I have read a lot regarding whether it would be best to directly release the queen or gradually introduce her in the queen introduction cage.
It appears to me the biggest cause for concern about slow release in the kTBH is the possibility of crooked comb. What if I were to simply remove the bars that have crooked comb and replace them with new bars?
I directly released the queens recently with my packages of bees. The bees absconded from the first hive. The second hive had troubles with a high number of bees dying. My mentor helped me build the hive up with some brood comb and honey stores from a nuc she was starting.
Had to do a chop and cut my very first week of beekeeping! Glad I know how to do it but wish I did not have to. The queen was not present when we inspected. I luckily got a new queen and placed her in the hive in her cage within 24 hrs. She was released yesterday. I will check on Saturday to see if she is still present and how they are doing.

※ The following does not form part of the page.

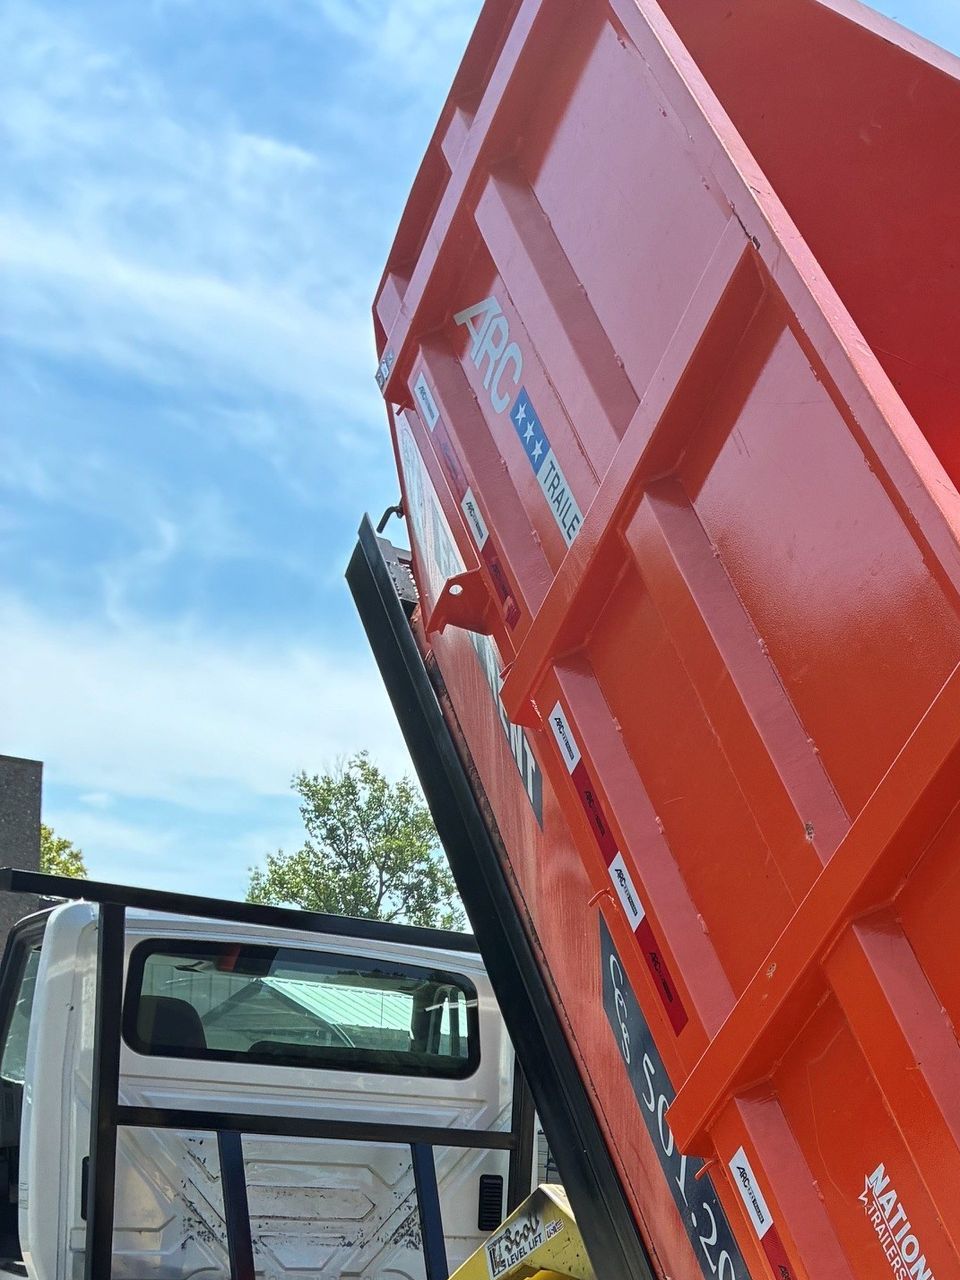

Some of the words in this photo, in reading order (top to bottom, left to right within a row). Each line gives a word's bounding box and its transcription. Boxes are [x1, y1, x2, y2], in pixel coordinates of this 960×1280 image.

[453, 295, 524, 414] ARC
[506, 1246, 528, 1268] LEVEL
[528, 1232, 543, 1251] LIFT

Why did they abscond? possibilities I have come up with are:
1. Should not have directly released the queen.
2. They did not like the brand spanking new hive.
3. Peeked at them too often.
4. Disturbed them on the second day by opening the feeding side of the hive to place the pollen pattie that I had forgotten to put in?
5. They just wanted to be free.
6. Should not have direct released the queen!
7. Inexperienced beekeeper.
I am getting a new package of bees next week and I hope to have better luck this time. I will slowly release the queen this time by dangling her cage with wire from the bar. I think it must be called a queen introduction cage for a reason!
I wonder if perhaps the direct release method is more successful when the hive is one that has had previous use or if you are simply just requeening?